文房具本

文房具は単なる「道具」を超えた何かを持っている 野沢松男『現代筆記具読本』より

文房具は単なる「道具」を超えた何かを持っている

野沢松男(1983)『現代筆記具読本』文研社

b8b5f820-s

この本は、著者である野沢氏の「筆記具と何だろう」という問題意識を基底にしながら、万年筆、インキ、ボールペン、水性ボールペン、シャープペンシル、シャープ芯、鉛筆、マーキングペンなど筆記具について具体的かつ詳細に考察している。

「そもそも論」に対する筆者の考えが随所に見られます。

日常生活の中で欠くことできない用具はいろいろとあるが、その中で筆記具は他の用具と少々趣きを異にする。

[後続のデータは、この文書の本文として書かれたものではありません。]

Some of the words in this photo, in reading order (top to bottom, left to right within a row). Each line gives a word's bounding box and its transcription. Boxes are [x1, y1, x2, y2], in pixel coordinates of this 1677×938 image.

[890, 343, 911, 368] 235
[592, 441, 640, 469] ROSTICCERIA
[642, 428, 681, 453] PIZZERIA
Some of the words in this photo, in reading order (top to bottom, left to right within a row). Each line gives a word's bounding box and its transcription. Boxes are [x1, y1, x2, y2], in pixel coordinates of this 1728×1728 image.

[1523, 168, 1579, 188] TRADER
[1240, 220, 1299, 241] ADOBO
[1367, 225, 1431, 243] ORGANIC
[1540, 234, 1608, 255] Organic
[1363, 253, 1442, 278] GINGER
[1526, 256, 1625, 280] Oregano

単なる「道具」を超えた何かを持っているからだ。一般の道具が、便利性とか機能性とか、また一方ではその物に付随する思い出や希少価値などで愛着度が判断されるのに対し、筆記具は、もちろんそういった価値意識はあるにしても、その上に自己の持つ「心の創造の具現化への期待」という別の価値を持っている。そこに他の道具と異なる大きな意味あると考える。

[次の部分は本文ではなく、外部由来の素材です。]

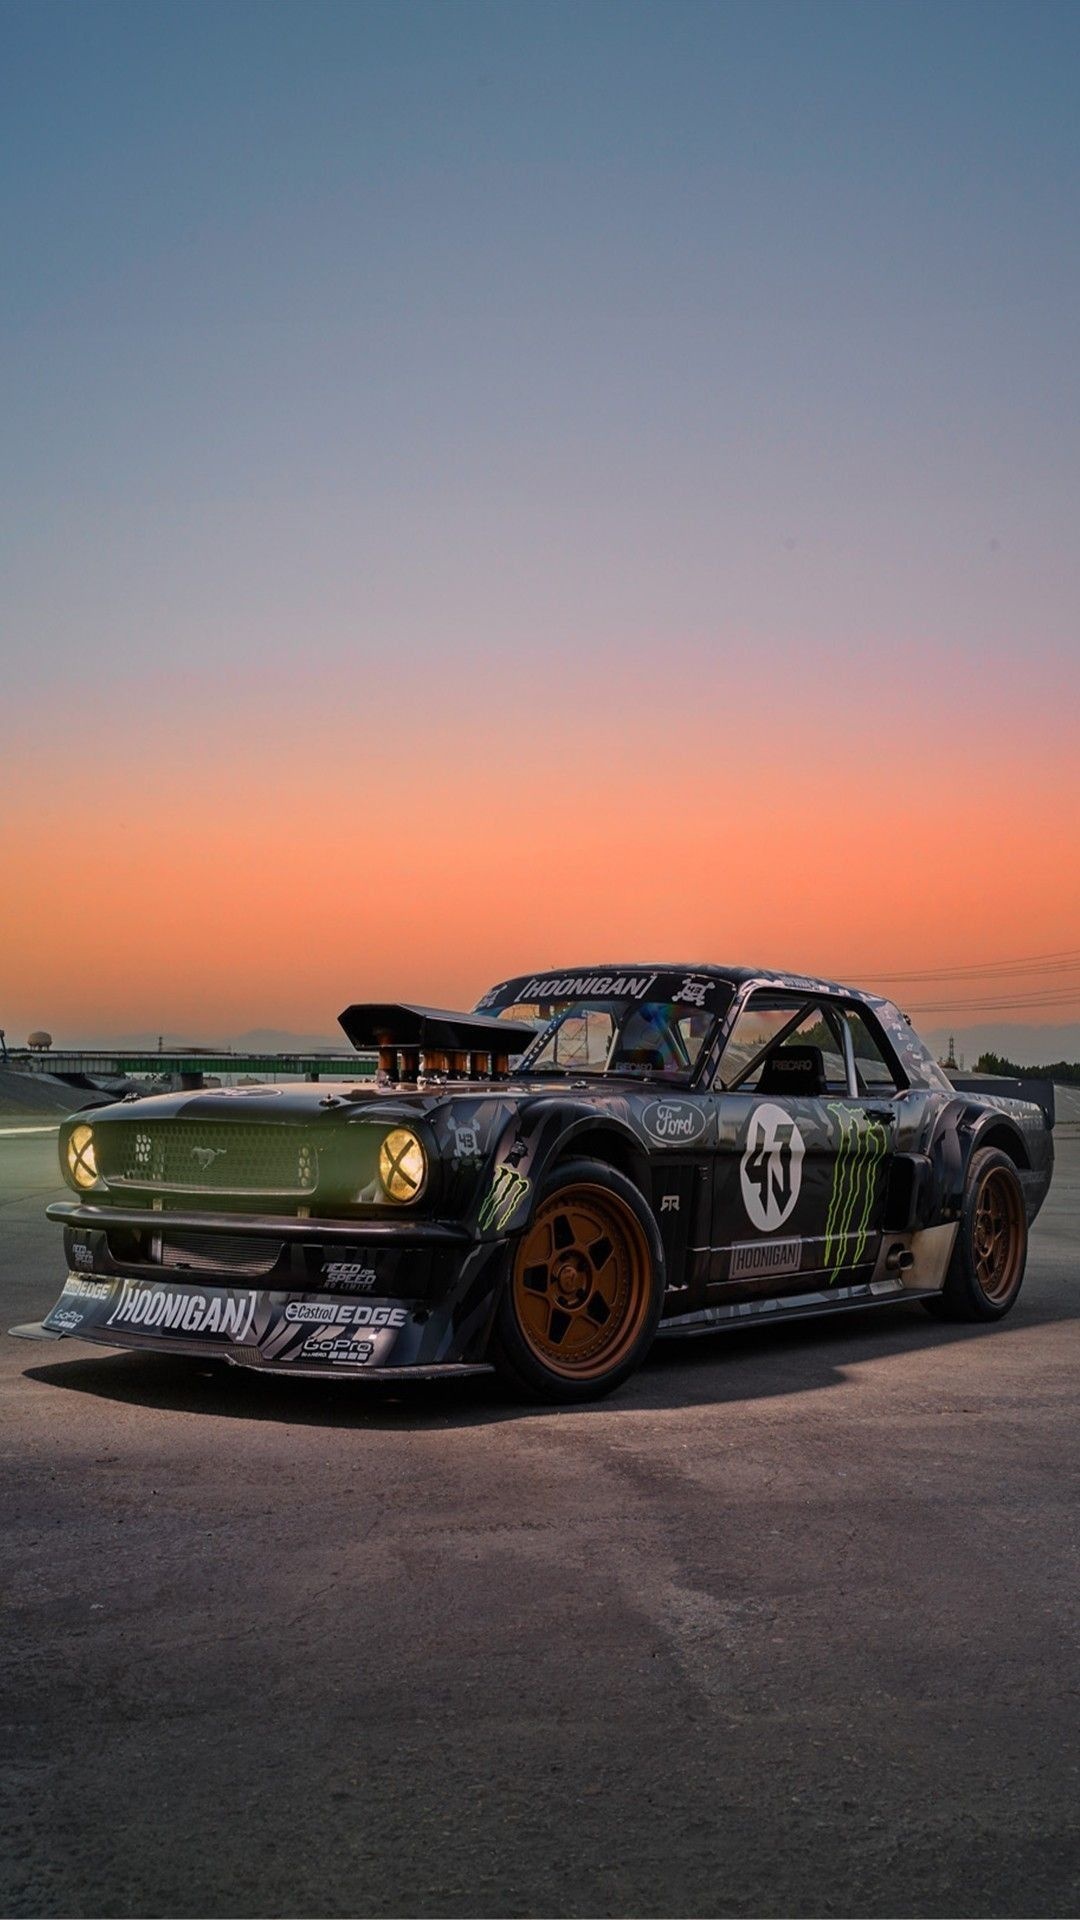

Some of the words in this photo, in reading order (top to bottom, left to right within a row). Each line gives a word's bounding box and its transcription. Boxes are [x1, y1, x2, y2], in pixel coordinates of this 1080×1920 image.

[515, 976, 655, 1002] [HOONIGAN]
[772, 1060, 812, 1071] RECARO
[655, 1104, 695, 1136] Ford
[458, 1133, 474, 1148] 43
[326, 1273, 377, 1285] SPEED
[79, 1281, 111, 1300] EDGE
[54, 1309, 84, 1324] GoPro
[106, 1278, 258, 1341] [HOONIGAN]
[297, 1304, 334, 1321] Castrol
[335, 1305, 409, 1328] EDGE
[303, 1339, 373, 1353] GoPro

筆者がいうように、文房具は”単に文字を書く”という道具以上に、”創造を助けてくれる道具”である。デジタル機器が発達した昨今においても、筆記具というものは存在している。紙に文字を書くという機会は確実に少なくなり、キーボードで文字を入力するという作業が極端に多くなった。単なる作業には、マウスとキーボードは非常に便利だ。

しかし、創造には文房具が有用だ。自分の考えたことが直接手に伝わり、紙に表現できる。個人的にもマウスとキーボードでは何かその連携がうまくとれていないような気がする。思ったことが表現できていない気がする。機器の制約によって表現が影響をうける?もちろん、入力の上手い下手も影響していると思うが。思考と作業が結びつけるというとても重要な役割を果たしているものだと思う。デジタルで記録できる機器がたくさんあるにもかかわらず、創造するとき、思考するときには、紙と鉛筆(筆記具)を使う人は少なくない。思考の作業の連続性が重要なのであろう。もちろん、今後デジタルデバイスが人間の思考にどのような影響を与えるのかについてさらなる研究が進み、思考と作業・記録が直結するツールを期待したいものだ。後半の「持物として価値のある筆記具いろいろ」の項では、筆記具に施された装飾について考察している。

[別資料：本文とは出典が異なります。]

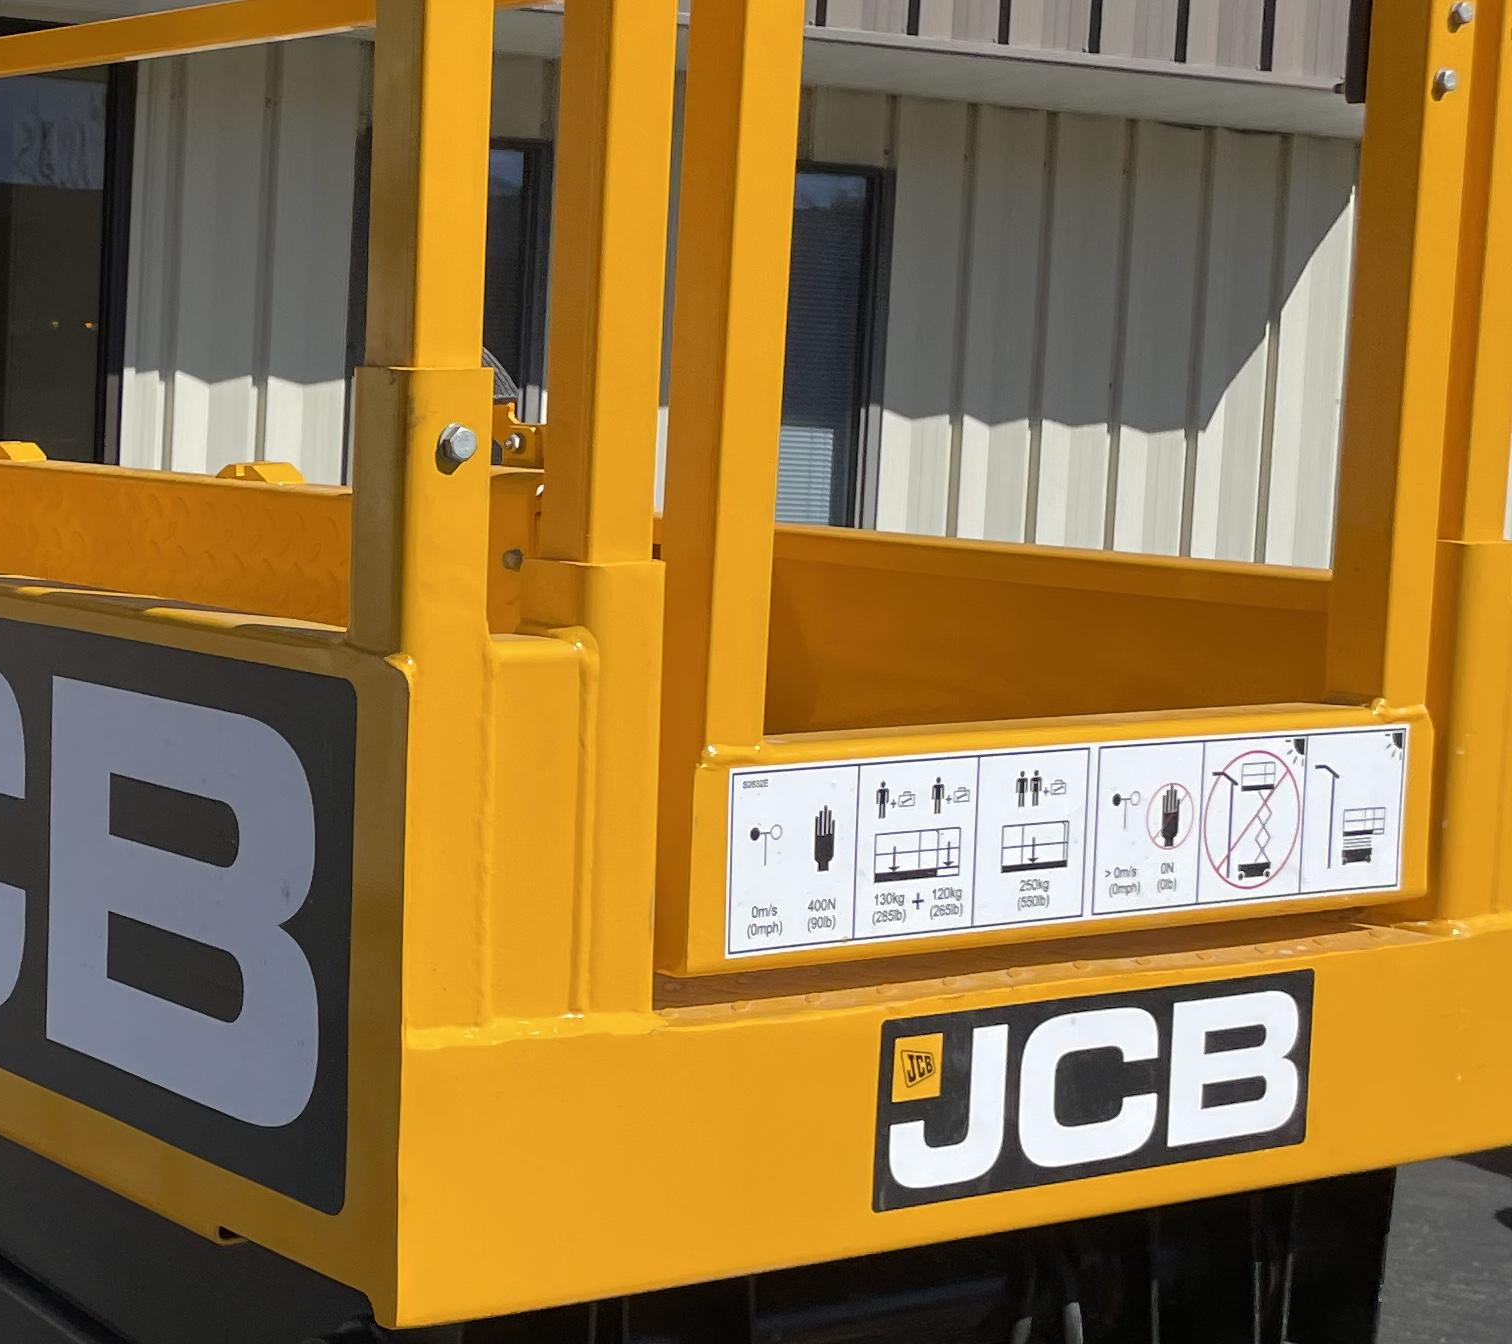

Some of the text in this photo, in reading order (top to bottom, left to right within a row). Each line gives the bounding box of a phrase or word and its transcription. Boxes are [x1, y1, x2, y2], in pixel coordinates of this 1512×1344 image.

[1113, 865, 1137, 879] 0m/s
[1160, 862, 1175, 875] 0N
[1019, 879, 1050, 894] 250kg
[1109, 882, 1140, 898] (0mph)
[1157, 879, 1177, 893] (0lb)
[808, 898, 836, 911] 400N
[874, 893, 906, 909] 130kg
[932, 887, 963, 904] 120kg
[1017, 895, 1050, 910] (550lb)
[751, 906, 778, 919] 0m/s
[747, 922, 783, 939] (0mph)
[807, 915, 836, 932] (90lb)
[906, 1054, 934, 1084] JCB
[889, 990, 1300, 1189] JCB

この本には、筆記具には「持物としての価値」と「それを使って"価値を生み出す"という価値」があることが示されている。所有することやそれを手にとり眺めることで満足感を得るという価値。また、道具として駆使して価値を生み出す価値。

インターネットがなかった1983年に書かれた本だが、デジタル時代において読んでも、何かを得ることができる本である。